*** Supplied records Section Begins ***

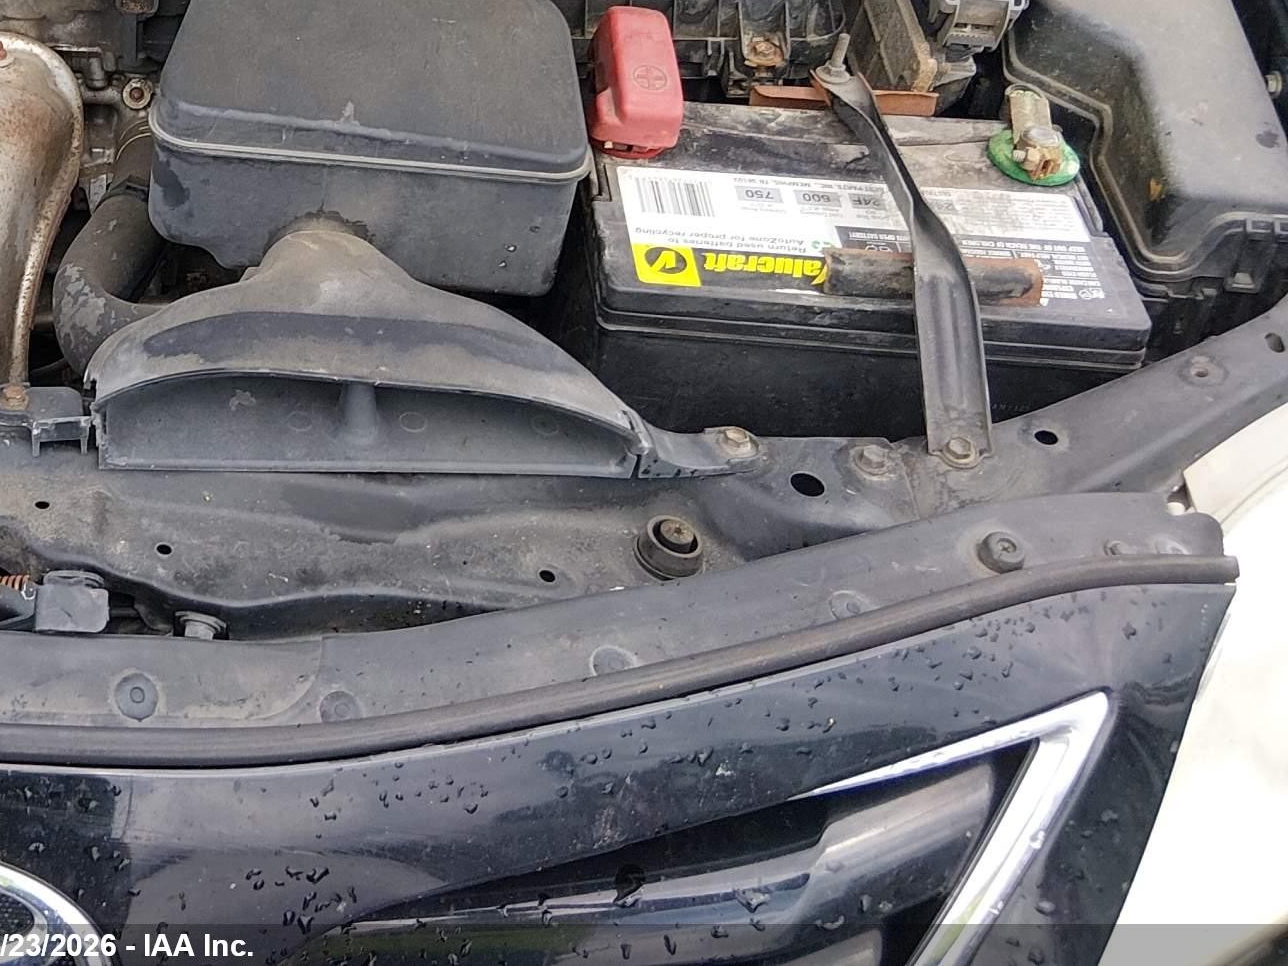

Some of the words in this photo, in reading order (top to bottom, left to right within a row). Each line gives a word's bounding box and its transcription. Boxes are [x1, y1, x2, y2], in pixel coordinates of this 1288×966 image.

[744, 189, 775, 200] 750
[634, 227, 686, 237] recycling
[689, 232, 727, 242] proper
[682, 238, 734, 248] batteries
[730, 235, 748, 243] for
[753, 236, 805, 245] AutoZone
[736, 241, 765, 249] used
[768, 243, 807, 253] Return
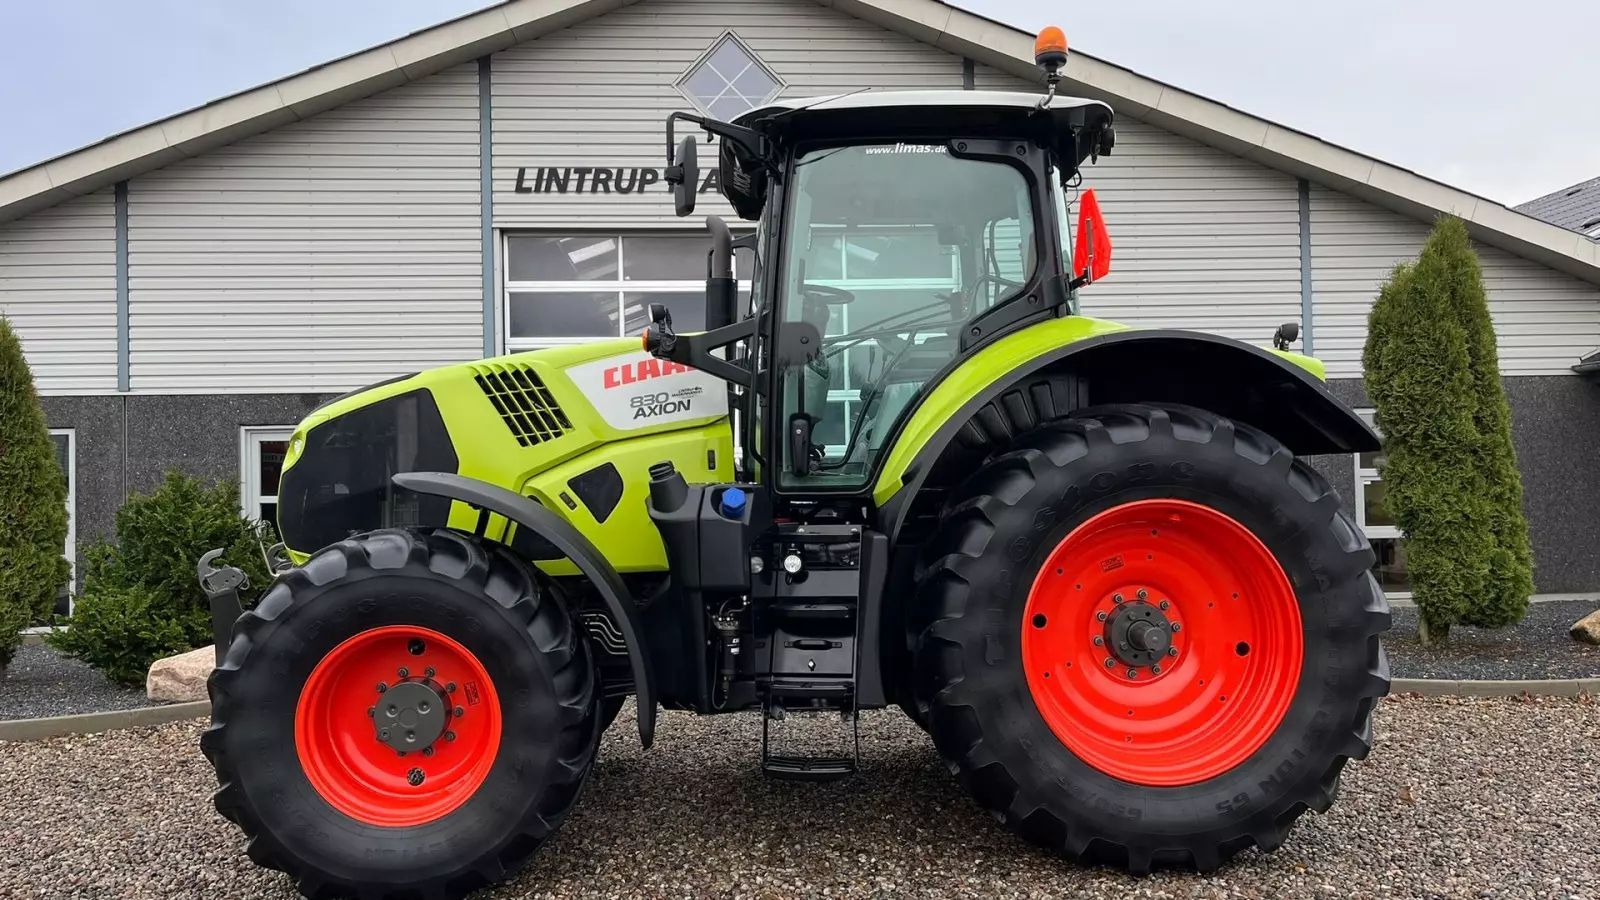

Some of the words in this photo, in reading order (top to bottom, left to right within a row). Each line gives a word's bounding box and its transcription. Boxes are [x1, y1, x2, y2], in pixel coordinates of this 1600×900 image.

[865, 142, 947, 155] www.limas.dk
[514, 167, 659, 194] LINTRUP
[603, 358, 697, 389] CLAA
[630, 392, 669, 409] 830
[633, 399, 691, 420] AXION

*** Supplied records Section Ends ***

Exercise objective:
The preceding entries are to be written out again exactly, with the pictures removed.

Response area:
Some of the words in this photo, in reading order (top to bottom, left to right within a row). Each line gives a word's bounding box and its transcription. Boxes are [x1, y1, x2, y2], in pixel coordinates of this 1288×966 image.

[744, 189, 775, 200] 750
[634, 227, 686, 237] recycling
[689, 232, 727, 242] proper
[682, 238, 734, 248] batteries
[730, 235, 748, 243] for
[753, 236, 805, 245] AutoZone
[736, 241, 765, 249] used
[768, 243, 807, 253] Return

Some of the words in this photo, in reading order (top to bottom, left to right within a row). Each line gives a word's bounding box and its transcription. Boxes are [x1, y1, x2, y2], in pixel coordinates of this 1600×900 image.

[865, 142, 947, 155] www.limas.dk
[514, 167, 659, 194] LINTRUP
[603, 358, 697, 389] CLAA
[630, 392, 669, 409] 830
[633, 399, 691, 420] AXION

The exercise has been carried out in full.